Slee wins inaugural Banjo Prize
HarperCollins Australia has announced journalist Tim Slee as the winner of the inaugural Banjo Prize for an unpublished work of Australian commercial fiction for his manuscript ‘Burn’.
Slee’s work was chosen from a shortlist of five announced in mid August. He receives a publishing contract with HarperCollins, with an advance of $15,000.
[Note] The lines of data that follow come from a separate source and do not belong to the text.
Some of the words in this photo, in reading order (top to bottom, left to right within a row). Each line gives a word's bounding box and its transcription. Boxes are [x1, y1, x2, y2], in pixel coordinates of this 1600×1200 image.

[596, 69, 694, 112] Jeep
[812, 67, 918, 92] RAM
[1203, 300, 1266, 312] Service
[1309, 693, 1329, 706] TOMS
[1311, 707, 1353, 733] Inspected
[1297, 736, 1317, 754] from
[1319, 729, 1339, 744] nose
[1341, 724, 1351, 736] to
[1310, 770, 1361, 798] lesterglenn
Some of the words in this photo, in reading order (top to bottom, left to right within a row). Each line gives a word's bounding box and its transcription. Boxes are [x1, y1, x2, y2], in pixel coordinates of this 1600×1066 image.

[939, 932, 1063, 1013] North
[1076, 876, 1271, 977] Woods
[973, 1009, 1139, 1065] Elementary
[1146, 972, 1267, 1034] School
‘Burn’ is about a bankrupt dairy farmer who decides he’d rather sell off his herd and burn down his own house than hand them over to the bank, but he tragically dies in the blaze. His wife decides to hold a funeral procession for her late husband as a protest, and puts his coffin on a horse and cart to slowly drive the 350 kilometres from Heywood to Melbourne to bury him where he was born. But more mysterious arson attacks occur throughout the state as the funeral procession makes its way through Victoria.
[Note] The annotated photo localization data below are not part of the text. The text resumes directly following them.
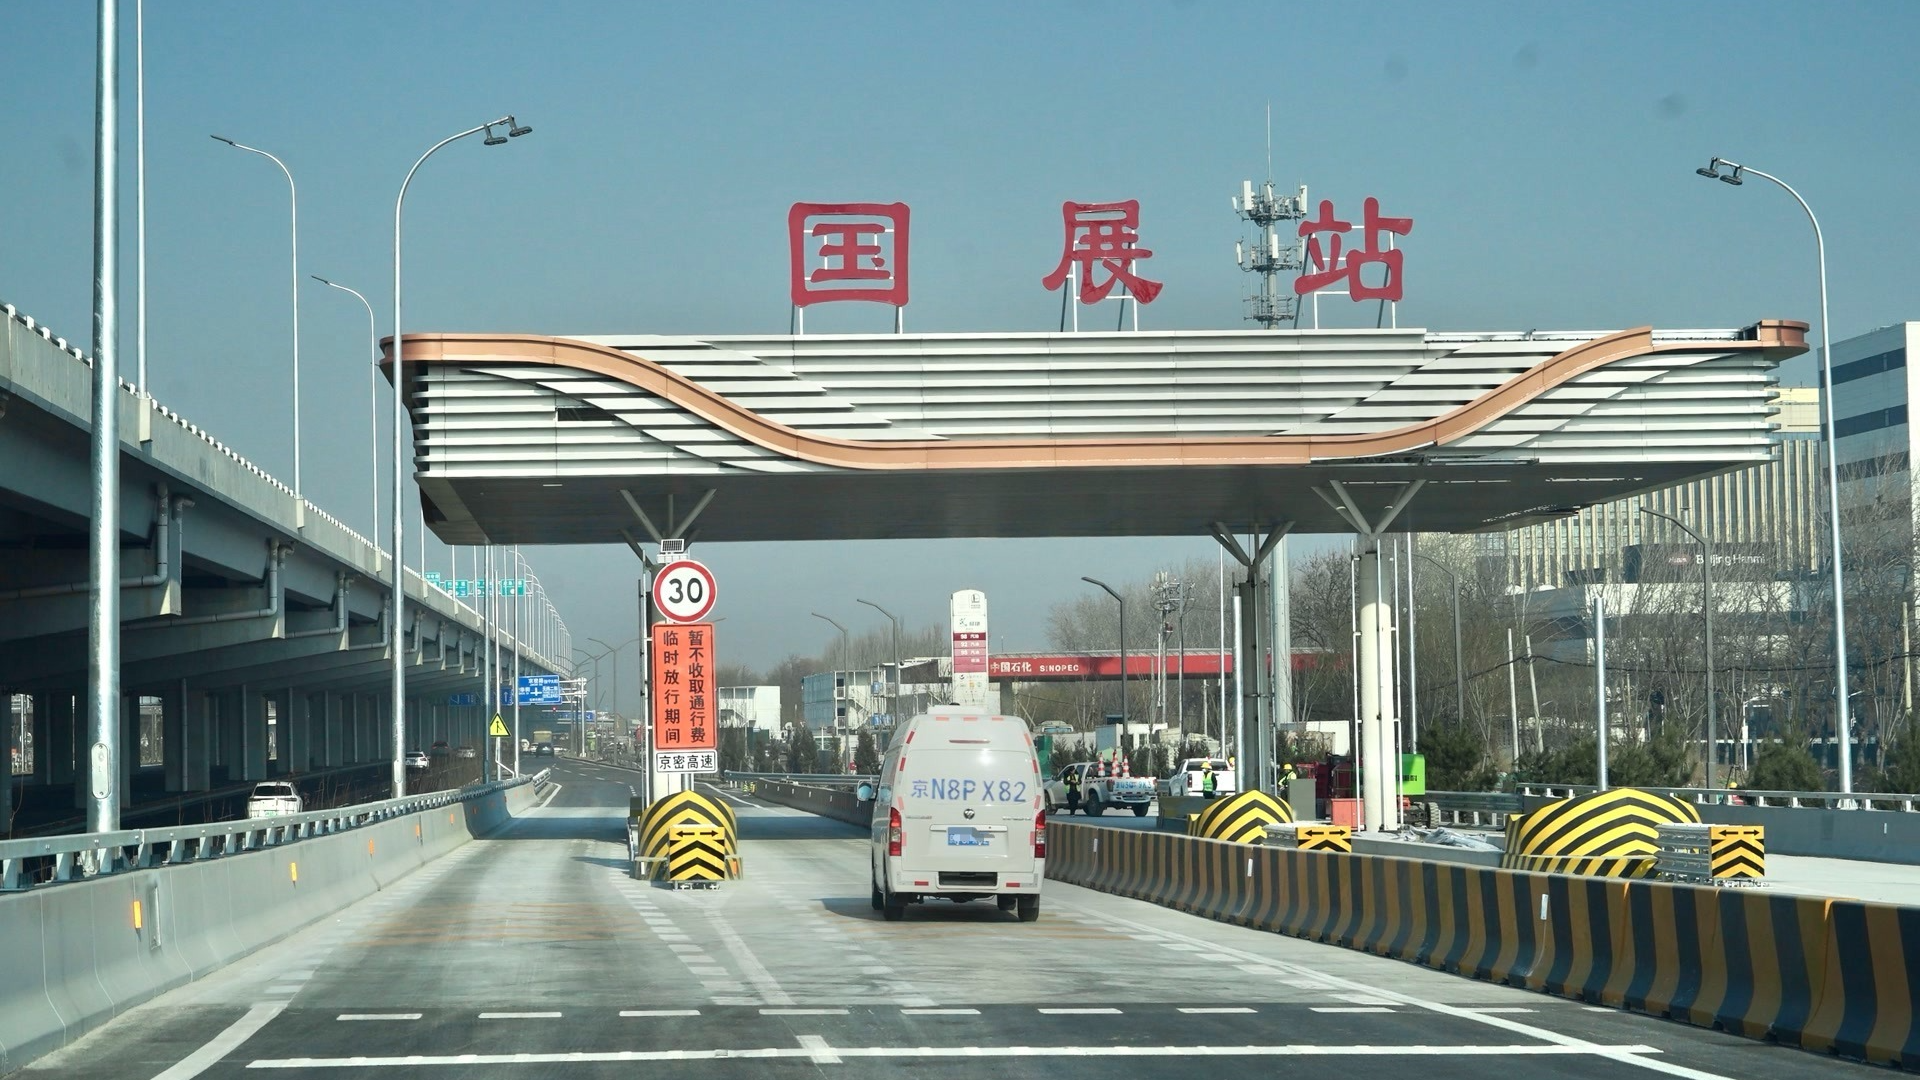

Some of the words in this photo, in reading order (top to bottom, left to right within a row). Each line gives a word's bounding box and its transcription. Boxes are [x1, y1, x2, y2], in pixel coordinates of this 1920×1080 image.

[788, 197, 1413, 308] 国展站
[668, 578, 703, 604] 30
[663, 630, 681, 744] 临时放行期间
[688, 630, 706, 743] 暂不收取通行费
[990, 661, 1032, 673] 中国石化
[1039, 664, 1079, 672] SINOPEC
[659, 754, 715, 770] 京密高速
HarperCollins head of fiction Catherine Milne described the winning manuscript as ‘a novel that sneaks up on you, and takes you by surprise—and before you know it, you’re deep in its world and don’t want to leave’.
‘“Burn” is a thought-provoking, heart-warming, quintessentially Australian novel like no other, and I’m just thrilled that it is our inaugural Banjo Prize winner,’ added Milne.
Slee said he was ‘rapt’ about being selected as winner and being signed by HarperCollins. ‘It makes me especially proud and happy that the manuscript that broke through for me is “Burn”, which is a book born in a time of bushfires, drought and hardship, and in which I tried to capture just a little of that unbreakable rebel spirit, that deep love of the land and support for each other through thick and thin, that to me is what Australia is really about.’
HarperCollins also announced two runners-up, who will each receive a written manuscript assessment from HarperCollins. The runners-up are Ruth McIver for ‘Nothing Gold’ and Gregory James for ‘Bordertown’.